Ça y est, le mois de janvier est arrivé et son traditionnel Dry January (mois sans alcool) aussi. Comment tenir ses engagements d’abstinence ? Voici quelques conseils d’experts pour réussir ce challenge qui ne vous veut que du bien.

Importé de la Grande Bretagne, le Dry January (janvier sec ou mois sans alcool en français) commence à s’installer en France. Le concept ? Ne pas boire une goutte d’alcool pendant les 31 jours qui composent le mois de janvier. Une méthode d’abstinence qui s’est à plusieurs reprises révélée très efficace comme l’explique Fatma Bouvet de la Maisonneuve, psychiatre et addictologue présidente de l’association Addict’elles : "Le mois sans alcool est pour tout le monde. Que l’on en soit malade, ou pas. À terme, il permet de mieux dormir, d’améliorer ses capacités de concentration et d’accroitre un sentiment de bien-être". Alors, si à ce jour vous avez déjà entamé votre Dry January ou voulez prendre le train en cours de route, voici des conseils d’addictologues pour vous aiguiller.

#1 Se poser des questions

Le Dry January n’est pas qu’un hashtag en vogue sur Twitter ou un effet de mode. C’est défi qui peut changer la vie. Alors, avant de se lancer, il est nécessaire de se poser les bonnes questions.
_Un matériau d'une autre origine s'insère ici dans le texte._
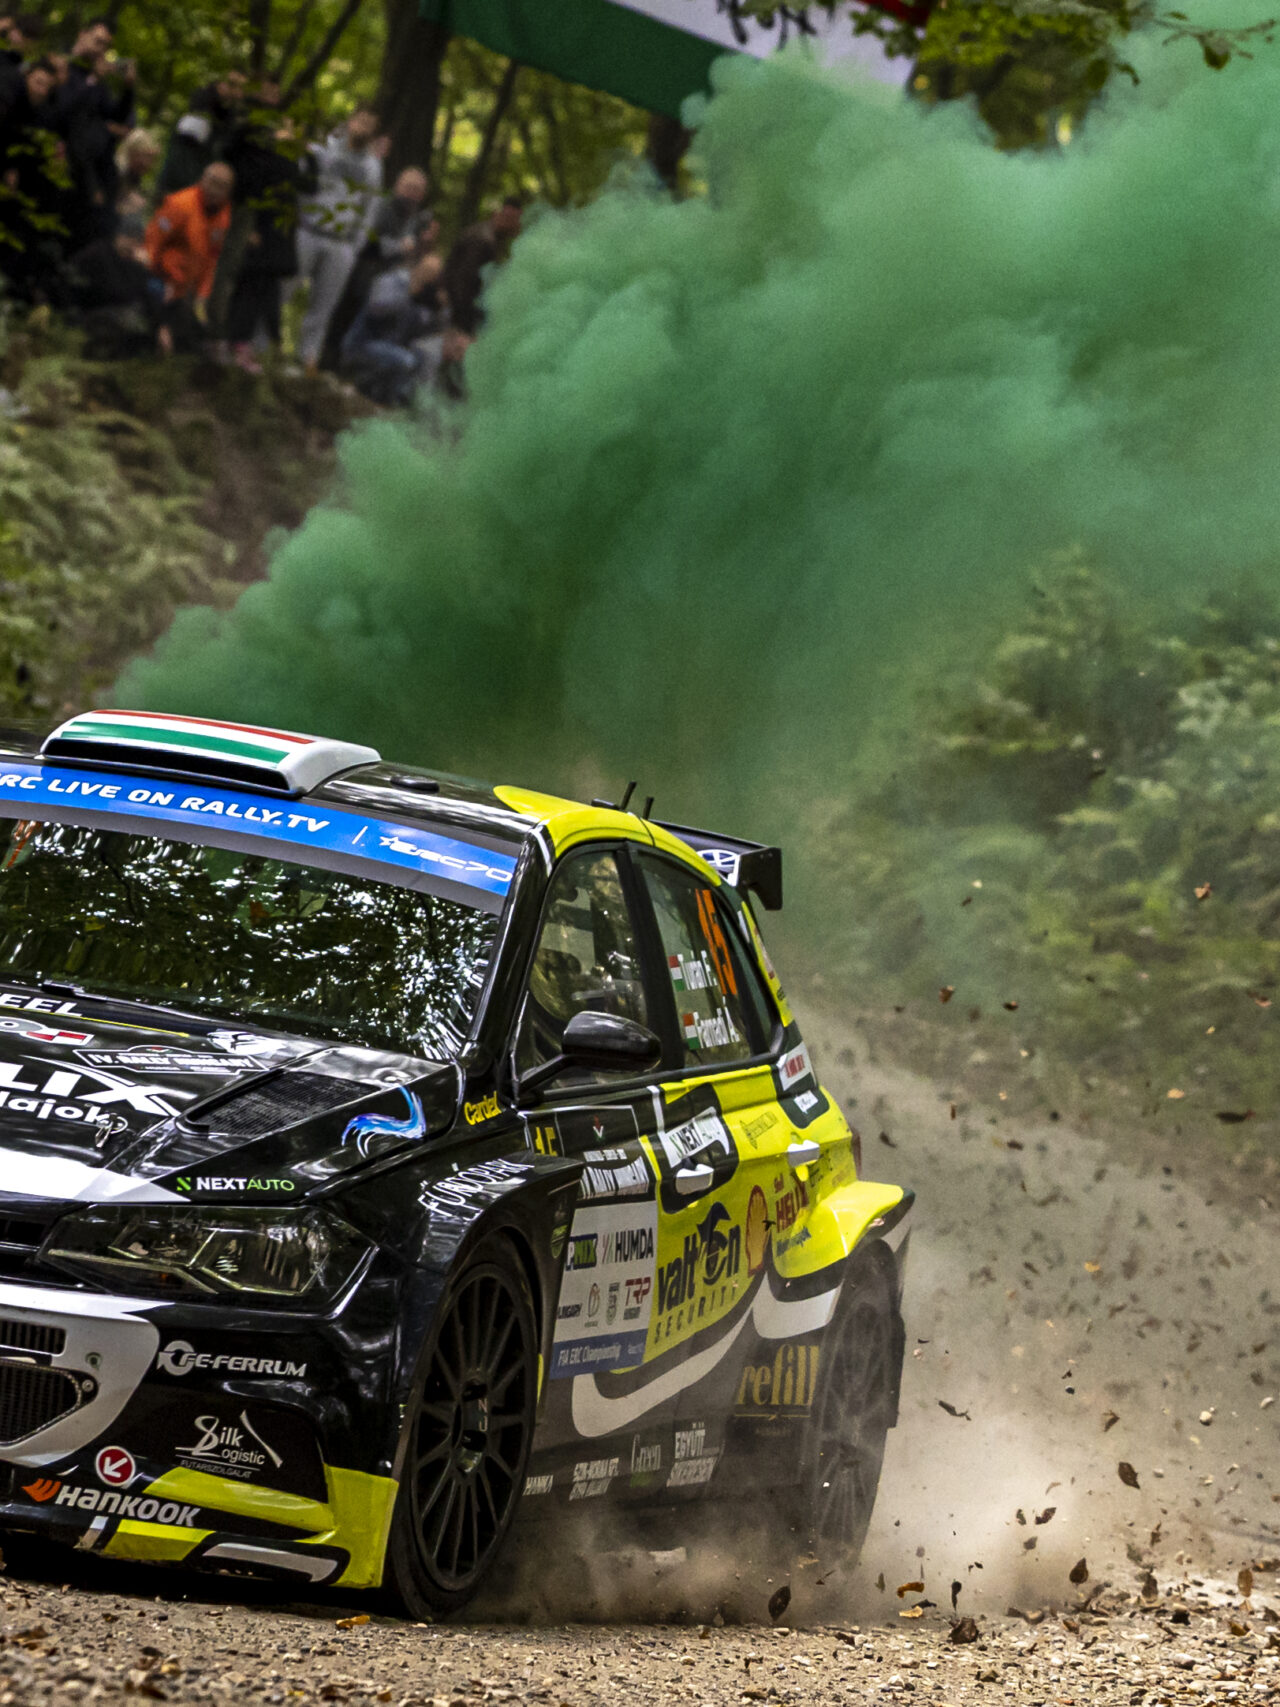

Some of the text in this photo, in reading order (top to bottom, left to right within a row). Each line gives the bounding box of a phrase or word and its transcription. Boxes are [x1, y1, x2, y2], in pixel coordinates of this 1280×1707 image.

Ainsi, Elsa Laurent, psychologue et addictologue, conseille de trouver les raisons pour lesquelles on a besoin de faire ce mois de janvier d’abstinence et de les mettre à l’épreuve de la réalité.  Pour Fatma Bouvet de la Maisonneuve, c’est aussi l’occasion de s’accorder un mois de réflexion sur notre rapport à la consommation d’alcool : "L'alcool peut être un moyen artificiel et dangereux de trouver le courage d’aller vers les autres, de dire la vérité ou encore de parler en public… Mais si à court terme l’alcool désinhibe, à long terme, c’est l’inverse, il isole", prévient-elle.

#2 Prévenir son entourage

Pour tenter de ne pas succomber à la pression sociale, on peut informer sa famille et ses amis de notre décision et leur demander d’être bienveillant. Cela pourrait ouvrir une discussion sérieuse sur le sujet qui pourrait bien éviter les incitations à boire des verres pendant le Dry January.  

#3 Faire des listes

"Essayez une première fois et notez les avantages que vous tirez d’une soirée habituellement arrosée", propose l’addictologue Fatma Bouvet de la Maisonneuve, autrice de Les Femmes face à l’alcool : Résister et s’en sortir aux éditions Odile Jacob. La professionnelle de santé raconte qu’une de ses patientes se dit désormais "dépendante à la l’abstinence". "Plus on constate le bien que ça fait, plus on a envie de se faire du bien. C’est un renforcement positif". Elsa Laurent ajoute que retrouver une maitrise sur son mode de vie est un bon point : "réussir à se séparer de ses habitudes permet de retrouver une confiance en soi".

#4 Echanger

Le Dry January est également un mois pour échanger avec les autres participants au défi d’abstinence. Fatma Bouvet de la Maisonneuve le rappelle : l’addiction à l’alcool est une maladie dangereuse et chronique qui isole terriblement quand on en souffre. Un site Web au même nom que le challenge dispose d’un forum de discussion ouvert. Un bon moyen pour s’encourager les uns les autres.

#5 Trouver des activités

La motivation à tenir le mois sans alcool ne doit pas être influencée par l’environnement. C’est pour cette raison qu’il faut éviter de se rendre dans des endroits où on a l’habitude de s’enivrer, selon Elsa Laurent. L’Hygiène de vie joue également un rôle important. Trouver une activité sportive ou artistique peut aider. Mais attention à ne pas tomber dans un comportement excessif qui se déplace vers quelque chose d’autres, insiste la psychologue.

#6 S’hydrater

Comme toujours, l’eau sera votre meilleure amie. Les bières, vin et cocktail sans alcool peuvent également être un moyen de substitution. Elsa Laurent confie que le jus de tomate est apprécié par ses patients anciennement alcooliques grâce à sa substance consistante.